I tried using my Medicare Part B a couple days ago. The Medicare book says all diabetic supplies are free, including test strips. I even took the Medicare 2016 book with me in case anyone wanted to argue.
CVS – of course they wanted to argue. To start with you need a doctor’s prescription for test strips. I have one. In fact, they had called to say my test strip prescription was ready for pick-up. They had my test strips ready. I merely said, when I got there that my insurance has changed and now I’m using Medicare and I handed them the card for Medicare Part B, which costs me $104 a month. Oh . . . well, in that case, they needed to call the doctor to get the Medicare Code. What? My book said it was FREE. It didn’t say I needed a code. How long would that take? I only came to pick up the test strips because they called and left a message saying it was ready for pick up. But I couldn’t pick it up without the doctor telling them a magic code?
The woman asked me to step down to another section of the counter. She said she’d call right then. She could get the code from the doctor, the nurse, even the receptionist! Of course, the doctor’s office put her on hold when she called them. (I no longer use that doctor and haven’t in four months; I did, however, have a few refills left on that test strip prescription and was using it.) I wondered what that doctor would say when called? Maybe it would be the receptionist who had the magic number and all would be well. But the CVS employee stood holding the phone while on hold. She suggested I might be more comfortable sitting down in one of the chairs across the room. No. I’ve played that game before. They get you to go sit down, they forget about you and thirty minutes later when you go up to the counter, they seem surprised that you’re still there, but they will get right on whatever they asked you to sit down and wait for them to do. No. I wasn’t feeling well, and I was leaning on the counter, but I’d stand. Then her eyes lit up. She said “ok”, and hung up. She turned to me to tell me that the receptionist said the nurse would have to call her back and then she’d be able to let me have the test strips – she just needed that Medicare code that my government required this year. So . . . she said she’d call me at home when she got it ready.
Late last night when her call came, the free test strips were going to cost $20.82. How is that free? I’ve taught Math. Free is 0, not $20.82. I called my current doctor’s office, who has said for me to call Medicare and ask them. Sometimes it depends on name brand test strips versus off brand; sometimes it was the pharmacy itself that would have the different price. But if I called Medicare, they could tell me.
Guess what. I called Medicare yesterday already. They are so busy that I ended up sending them an email. They sent an acknowledgement email back and said they had gotten my question, but were very busy and they’d answer my question as soon as they could.
Meanwhile my free test strips, which cost $20.82 sit at the pharmacy waiting to be picked up. I am upset. It seems like now that I’m old, I once more am being treating like a child – not just a child, but one who dares to question – and I am to wait.

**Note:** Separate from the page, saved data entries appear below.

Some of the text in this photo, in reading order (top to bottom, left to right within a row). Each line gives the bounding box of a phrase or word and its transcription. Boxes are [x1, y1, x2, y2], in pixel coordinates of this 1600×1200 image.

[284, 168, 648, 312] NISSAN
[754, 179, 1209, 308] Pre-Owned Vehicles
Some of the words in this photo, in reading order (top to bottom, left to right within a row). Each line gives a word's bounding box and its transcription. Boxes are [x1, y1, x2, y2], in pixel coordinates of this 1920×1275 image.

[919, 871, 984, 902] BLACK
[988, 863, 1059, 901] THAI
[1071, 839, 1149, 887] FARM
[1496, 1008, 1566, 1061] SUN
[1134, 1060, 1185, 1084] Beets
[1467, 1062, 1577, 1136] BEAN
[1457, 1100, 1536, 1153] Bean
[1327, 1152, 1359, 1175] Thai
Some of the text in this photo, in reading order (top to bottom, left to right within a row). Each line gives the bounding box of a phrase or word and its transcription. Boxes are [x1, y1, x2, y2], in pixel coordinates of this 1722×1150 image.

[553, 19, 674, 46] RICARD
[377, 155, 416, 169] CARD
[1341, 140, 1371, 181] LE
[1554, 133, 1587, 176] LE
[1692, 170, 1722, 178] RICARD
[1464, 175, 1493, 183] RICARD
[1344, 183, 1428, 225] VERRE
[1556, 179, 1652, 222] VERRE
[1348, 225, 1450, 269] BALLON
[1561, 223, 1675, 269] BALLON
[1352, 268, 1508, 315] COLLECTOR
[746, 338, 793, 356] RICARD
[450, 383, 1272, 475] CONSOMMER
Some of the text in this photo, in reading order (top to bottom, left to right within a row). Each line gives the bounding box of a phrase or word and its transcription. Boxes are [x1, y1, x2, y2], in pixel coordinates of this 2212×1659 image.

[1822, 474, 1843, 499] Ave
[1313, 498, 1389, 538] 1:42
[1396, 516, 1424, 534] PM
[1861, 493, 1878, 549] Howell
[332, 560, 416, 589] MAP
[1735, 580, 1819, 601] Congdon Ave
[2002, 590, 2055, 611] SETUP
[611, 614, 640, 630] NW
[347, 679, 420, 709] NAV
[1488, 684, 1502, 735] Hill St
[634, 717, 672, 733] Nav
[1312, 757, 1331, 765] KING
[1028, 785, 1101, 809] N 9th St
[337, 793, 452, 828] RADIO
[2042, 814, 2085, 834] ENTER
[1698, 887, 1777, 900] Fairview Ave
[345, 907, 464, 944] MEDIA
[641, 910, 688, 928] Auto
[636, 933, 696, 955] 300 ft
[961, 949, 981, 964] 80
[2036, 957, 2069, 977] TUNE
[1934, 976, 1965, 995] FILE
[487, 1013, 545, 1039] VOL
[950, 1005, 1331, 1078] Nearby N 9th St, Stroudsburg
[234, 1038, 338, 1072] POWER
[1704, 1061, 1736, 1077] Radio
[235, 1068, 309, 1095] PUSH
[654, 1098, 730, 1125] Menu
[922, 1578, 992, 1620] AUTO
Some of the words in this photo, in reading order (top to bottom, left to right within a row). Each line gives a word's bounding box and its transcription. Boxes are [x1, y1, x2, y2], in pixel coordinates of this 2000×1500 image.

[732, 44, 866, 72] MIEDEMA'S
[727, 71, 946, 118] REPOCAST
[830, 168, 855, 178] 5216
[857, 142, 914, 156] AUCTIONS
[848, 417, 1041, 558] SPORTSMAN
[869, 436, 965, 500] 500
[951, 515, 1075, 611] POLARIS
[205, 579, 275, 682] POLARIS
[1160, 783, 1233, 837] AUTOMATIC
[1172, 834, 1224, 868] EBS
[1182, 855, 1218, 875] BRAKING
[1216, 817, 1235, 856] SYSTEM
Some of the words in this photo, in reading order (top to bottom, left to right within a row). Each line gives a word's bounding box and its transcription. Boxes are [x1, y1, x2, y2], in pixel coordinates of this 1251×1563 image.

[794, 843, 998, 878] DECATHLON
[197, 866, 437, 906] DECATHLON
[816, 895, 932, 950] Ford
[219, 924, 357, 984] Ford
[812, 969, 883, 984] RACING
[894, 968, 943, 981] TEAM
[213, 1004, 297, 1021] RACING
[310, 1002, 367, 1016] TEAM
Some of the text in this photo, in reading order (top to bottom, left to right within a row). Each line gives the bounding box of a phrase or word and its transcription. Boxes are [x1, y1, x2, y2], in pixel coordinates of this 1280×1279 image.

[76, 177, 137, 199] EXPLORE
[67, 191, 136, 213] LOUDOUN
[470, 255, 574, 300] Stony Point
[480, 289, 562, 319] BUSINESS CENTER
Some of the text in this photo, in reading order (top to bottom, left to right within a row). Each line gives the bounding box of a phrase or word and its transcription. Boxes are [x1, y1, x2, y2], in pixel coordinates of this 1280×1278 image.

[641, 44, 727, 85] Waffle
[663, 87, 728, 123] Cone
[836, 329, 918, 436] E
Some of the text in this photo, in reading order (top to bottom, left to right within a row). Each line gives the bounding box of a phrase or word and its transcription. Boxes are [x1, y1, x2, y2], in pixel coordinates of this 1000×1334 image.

Ok. Well, while I wait, I canceled my today’s appointment with a Medicare Salesman who wanted to sell me Plan G for $95 a month. That would put me paying almost $200 for Medicare Plan B and a supplemental Medicare Plan and Plan B wasn’t performing as promised. So I canceled and he said fine, we’d get together when I felt better, and I just needed to be patient.
Oh, really? I filed for Social Security Disability in May and now it’s October. I’ve gone to the doctors they sent me to. I’ve gone to other doctors as well. They all say I am permanently disabled and will never be able to work again, but after five months of waiting, Social Security STILL hasn’t reached a decision on whether or not I qualify for Disability Social Security? But the problem is I’m not patient?????
I think the solution, and this will please Oprah Winfrey, who says the country will be better when all us old white people die, but the solution is clearly when you qualify for Medicare, you quit seeing doctors and quit using medicines and just let nature take its course. Everyone will have to be patient, but I think that’s the best solution I can come up with.